Solide vainqueur de la Colombie (3-1), l’équipe de France a conclu sa fenêtre de mars par un sans-faute. À quelques semaines du Mondial 2026, premier rendez-vous face au Sénégal, les hommes de Didier Deschamps avancent avec certitudes et profondeur.
Rotation massive, même efficacité.
Trois jours après son succès contre le Brésil, la France a récidivé face à la Colombie, avec un onze totalement remanié. Une démonstration de richesse d’effectif et de maîtrise collective, symbole d’une équipe en pleine montée en régime.
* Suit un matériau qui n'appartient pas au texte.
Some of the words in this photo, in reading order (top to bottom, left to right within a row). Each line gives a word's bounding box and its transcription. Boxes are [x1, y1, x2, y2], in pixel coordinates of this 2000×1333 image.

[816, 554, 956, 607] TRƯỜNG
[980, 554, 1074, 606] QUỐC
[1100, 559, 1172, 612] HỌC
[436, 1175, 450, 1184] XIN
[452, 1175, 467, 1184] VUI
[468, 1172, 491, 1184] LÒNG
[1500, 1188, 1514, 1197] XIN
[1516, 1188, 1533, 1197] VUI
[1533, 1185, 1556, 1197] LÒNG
Au cœur de cette soirée américaine, Désiré Doué s’est offert un récital. Pour sa sixième sélection, l’attaquant a frappé fort avec un doublé (29’ et 56’), mêlant opportunisme et sang-froid. Très mobile, juste dans ses choix, il a incarné cette nouvelle vague tricolore décomplexée. Mais son efficacité doit aussi beaucoup au travail de l’ombre de Marcus Thuram.
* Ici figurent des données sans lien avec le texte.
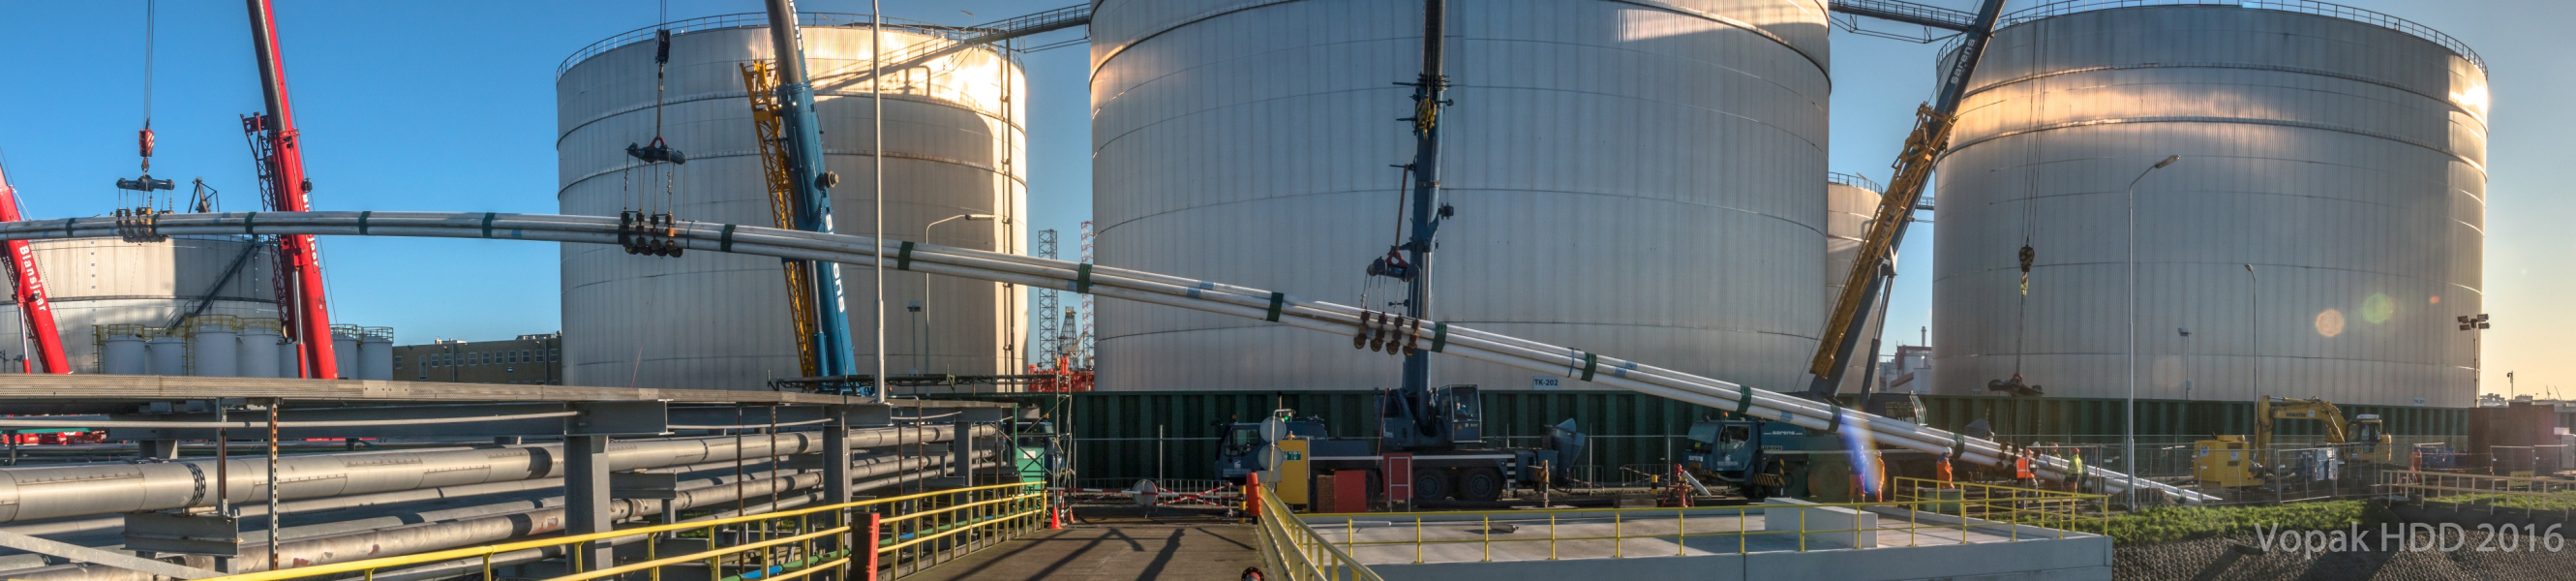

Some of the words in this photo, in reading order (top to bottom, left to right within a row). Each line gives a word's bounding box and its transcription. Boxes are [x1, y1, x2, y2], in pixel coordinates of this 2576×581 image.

[789, 0, 803, 50] rens
[1951, 39, 1975, 84] sarens
[302, 194, 318, 266] Bljaar
[826, 214, 845, 313] sens
L’attaquant de l’Inter Milan a pesé sur la défense colombienne, jouant parfaitement son rôle de point d’appui. Passeur décisif indirect sur le premier but, il a surtout marqué de la tête avant la pause (41’), validant une prestation complète. À ses côtés, Maghnes Akliouche a brillé par son activité, récupérant et projetant avec justesse.
Des certitudes dans la rotation
Ce succès dépasse le simple cadre comptable. En changeant intégralement son équipe, Didier Deschamps cherchait des réponses. Il les a obtenues. Warren Zaïre-Emery dans l’entrejeu, Maxence Lacroix en défense : chacun a saisi l’opportunité, renforçant la concurrence interne.
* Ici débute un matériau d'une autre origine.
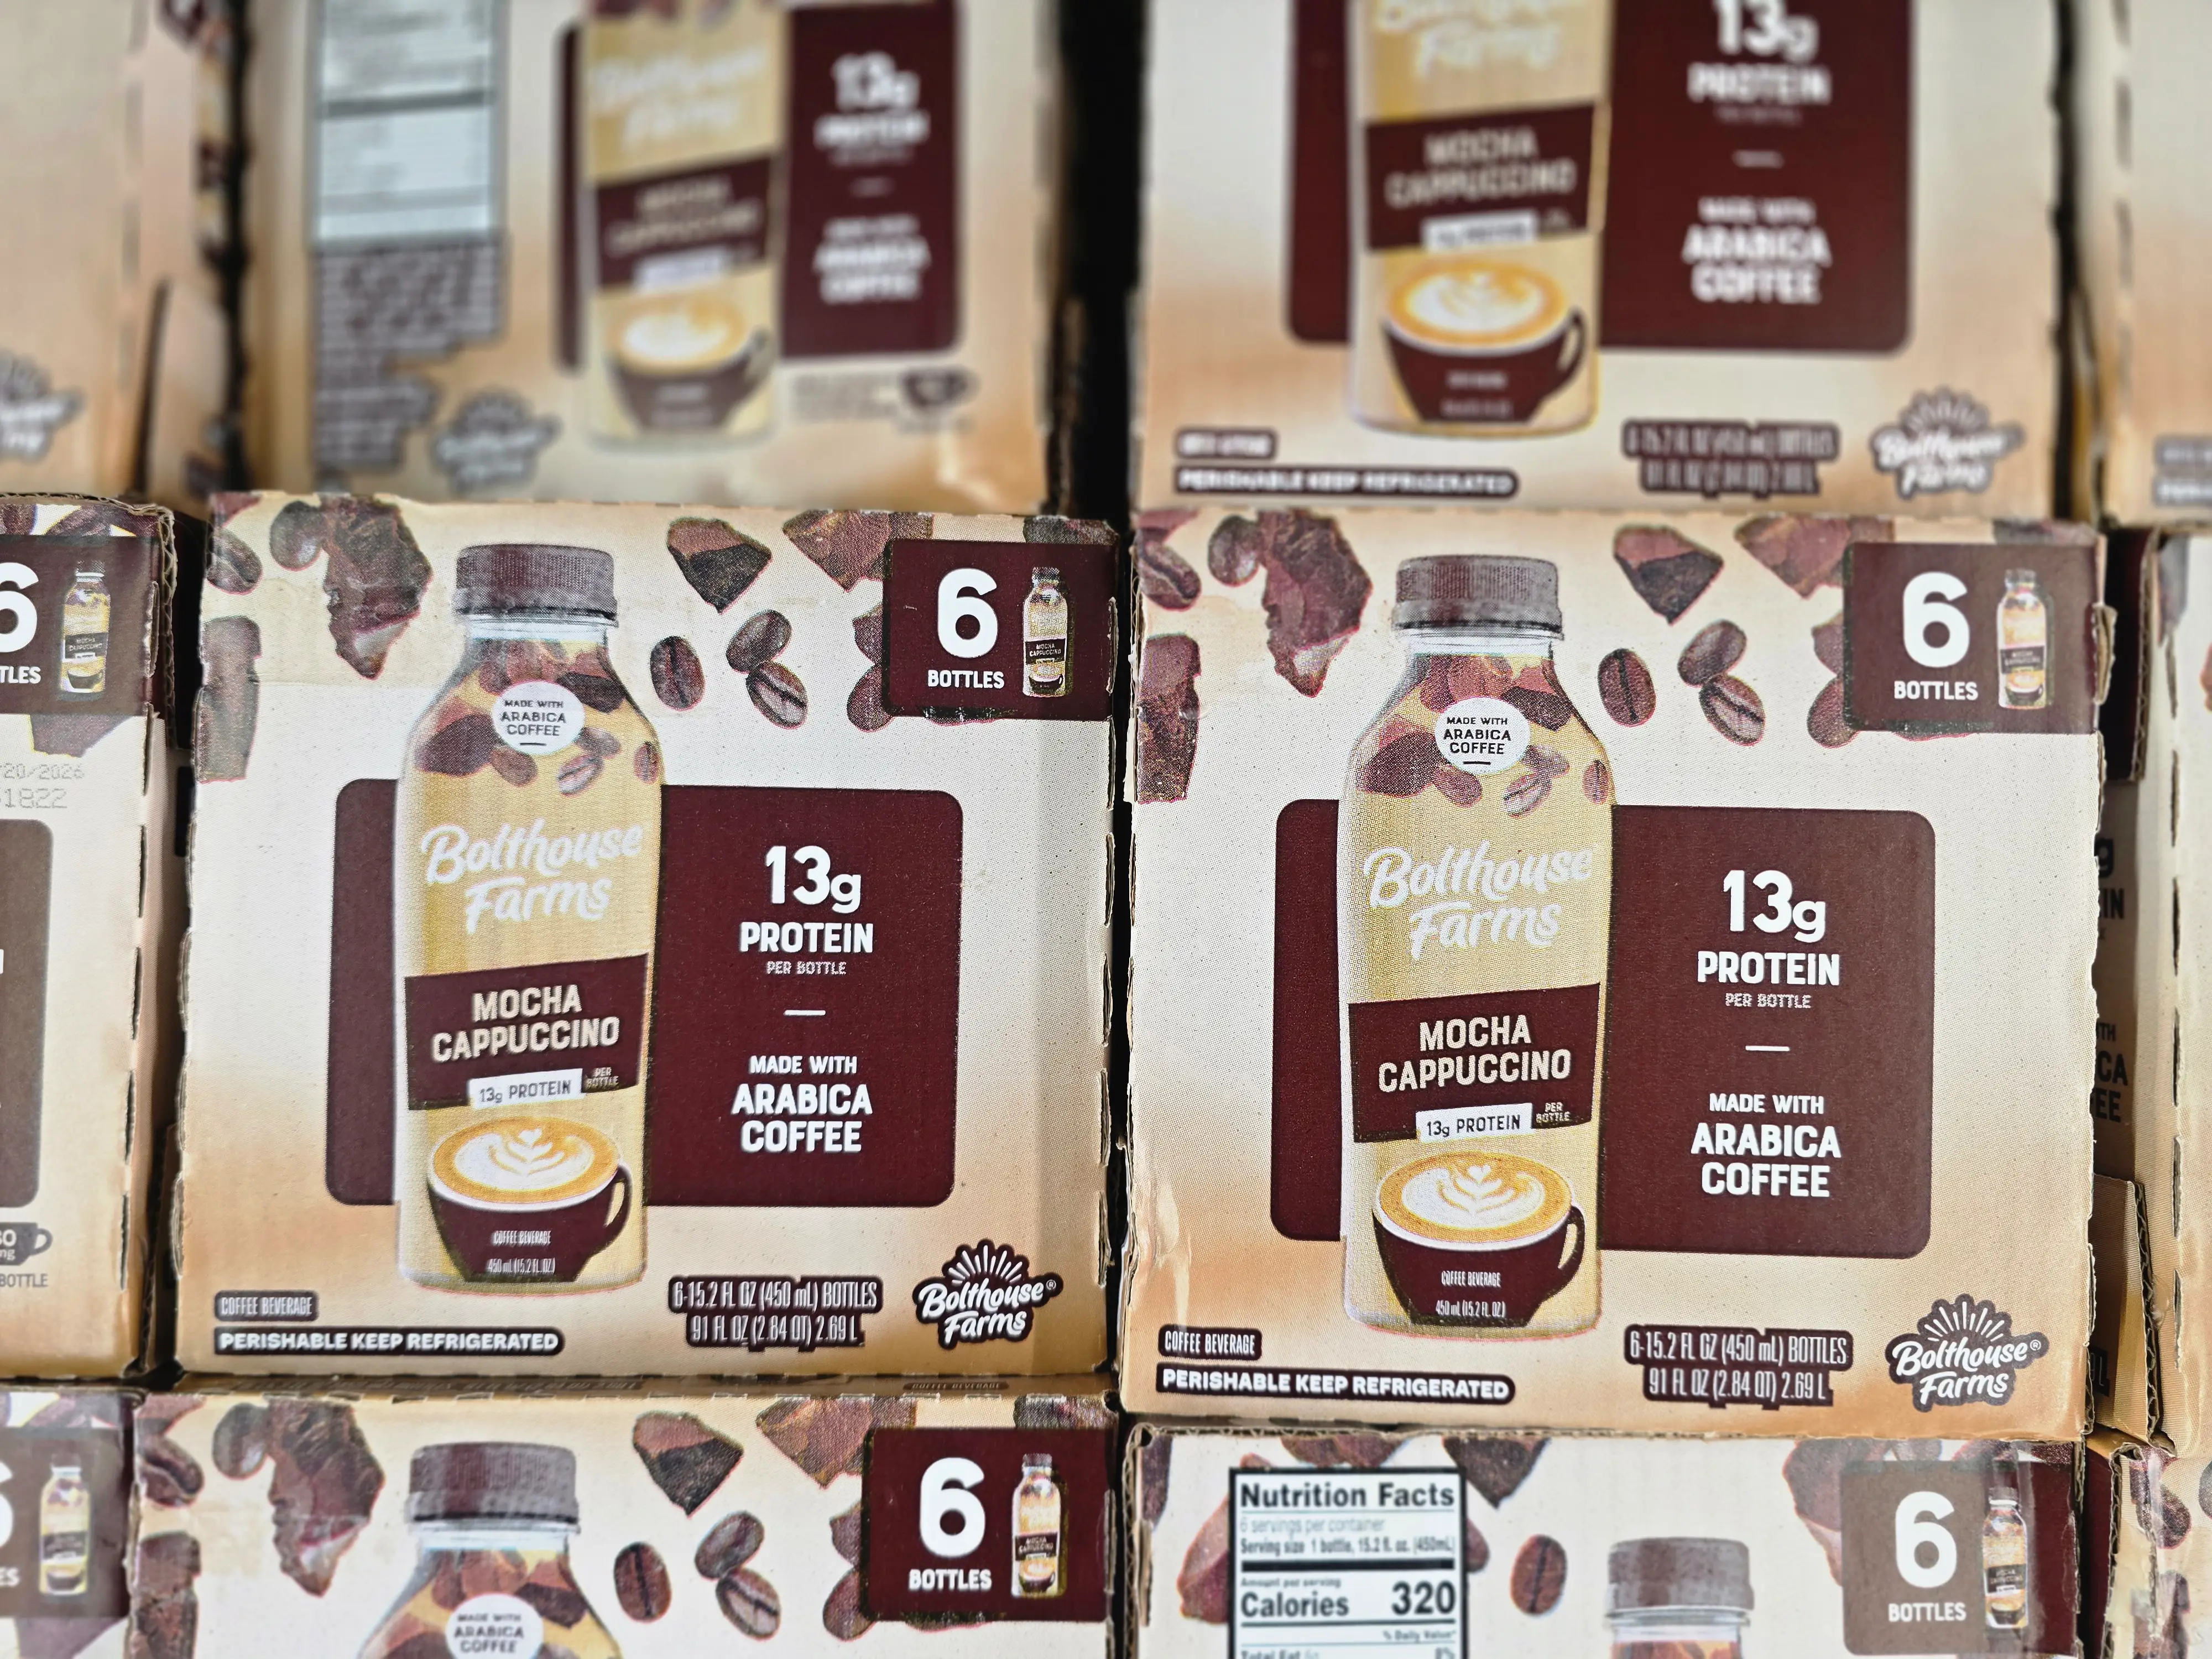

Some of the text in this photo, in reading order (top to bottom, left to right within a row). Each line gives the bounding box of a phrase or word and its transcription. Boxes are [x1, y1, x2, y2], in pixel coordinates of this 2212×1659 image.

[1714, 0, 1818, 62] 13g
[1688, 62, 1831, 105] PROTEIN
[938, 567, 998, 659] 6
[1903, 571, 1970, 667] 6
[928, 670, 1005, 689] BOTTLES
[1894, 681, 1979, 700] BOTTLES
[500, 712, 566, 723] ARABICA
[507, 725, 560, 736] COFFEE
[1447, 717, 1475, 725] MADE
[1443, 729, 1511, 742] ARABICA
[1449, 742, 1504, 755] COFFEE
[0, 763, 85, 779] 20/2026
[0, 789, 67, 808] 1822
[421, 818, 643, 884] Bolthouse
[765, 846, 861, 914] 13g
[1364, 839, 1593, 909] Bolthouse
[465, 877, 612, 935] Farms
[1723, 870, 1825, 943] 13g
[740, 922, 873, 953] PROTEIN
[1409, 900, 1562, 960] Farms
[767, 961, 847, 975] PER BOTTLE
[1698, 951, 1840, 985] PROTEIN
[472, 984, 582, 1022] MOCHA
[1725, 993, 1811, 1008] PER BOTTLE
[431, 1016, 620, 1062] CAPPUCCINO
[1420, 1014, 1532, 1051] MOCHA
[750, 1055, 857, 1074] MADE WITH
[1379, 1048, 1571, 1093] CAPPUCCINO
[479, 1079, 571, 1103] 13g PROTEIN
[731, 1083, 873, 1115] ARABICA
[1709, 1093, 1824, 1114] MADE WITH
[1536, 1111, 1571, 1123] BOTTLE
[1545, 1102, 1563, 1112] PER
[742, 1120, 862, 1153] COFFEE
[1427, 1114, 1520, 1138] 13g PROTEIN
[1691, 1123, 1841, 1158] ARABICA
[1702, 1162, 1830, 1197] COFFEE
[493, 1230, 518, 1245] COFFEE
[1441, 1271, 1501, 1287] COFFEE BEVERAGE
[221, 1297, 313, 1317] COFFEE BEVERAGE
[672, 1281, 718, 1308] 6-15.2
[720, 1281, 735, 1309] FL
[759, 1281, 791, 1313] (450
[821, 1281, 877, 1310] BOTTLES
[1436, 1300, 1449, 1316] 450
[1451, 1301, 1461, 1316] mL
[1462, 1300, 1480, 1318] (15.2
[221, 1332, 559, 1350] PERISHABLE KEEP REFRIGERATED
[690, 1315, 708, 1342] 91
[712, 1316, 727, 1342] FL
[815, 1316, 846, 1341] 2.69
[944, 1310, 1027, 1345] Farms
[1165, 1331, 1255, 1355] COFFEE BEVERAGE
[1630, 1331, 1676, 1359] 6-15.2
[1681, 1333, 1695, 1359] FL
[1722, 1334, 1754, 1365] (450
[1759, 1335, 1783, 1366] mL)
[1788, 1336, 1847, 1364] BOTTLES
[1163, 1369, 1510, 1399] PERISHABLE KEEP REFRIGERATED
[1649, 1368, 1666, 1395] 91
[1672, 1368, 1687, 1396] FL
[1692, 1369, 1709, 1396] OZ
[1713, 1370, 1750, 1401] (2.84
[1781, 1371, 1813, 1398] 2.69
[1818, 1373, 1826, 1400] L
[1919, 1370, 2009, 1404] Farms
[920, 1457, 985, 1558] 6
[1241, 1482, 1454, 1507] Nutrition Facts
[1241, 1537, 1280, 1557] Serving
[1896, 1491, 1957, 1588] 6
[909, 1569, 992, 1591] BOTTLES
[1240, 1580, 1457, 1618] Calories 320
[1888, 1603, 1966, 1623] BOTTLES
[455, 1626, 524, 1638] ARABICA
[460, 1640, 517, 1653] COFFEE
Face à une Colombie volontaire mais limitée, incarnée par un James Rodríguez en quête de rythme et un Luis Díaz trop isolé, les Bleus ont contrôlé leur sujet. Seule ombre, la réduction du score tardive de Capaz (77’), anecdotique au regard de la domination globale.
Le Sénégal prévenu
Deux matches, deux victoires : la tournée américaine remplit pleinement son objectif. À l’approche du Mondial, la France avance avec confiance, armée d’un effectif dense et polyvalent.
Le message est clair pour l’équipe nationale du Sénégal, premier adversaire le 16 juin : il faudra être prêt. Car ces Bleus-là, vainqueurs en 2018 et finalistes en 2022, semblent déjà lancés dans leur compétition.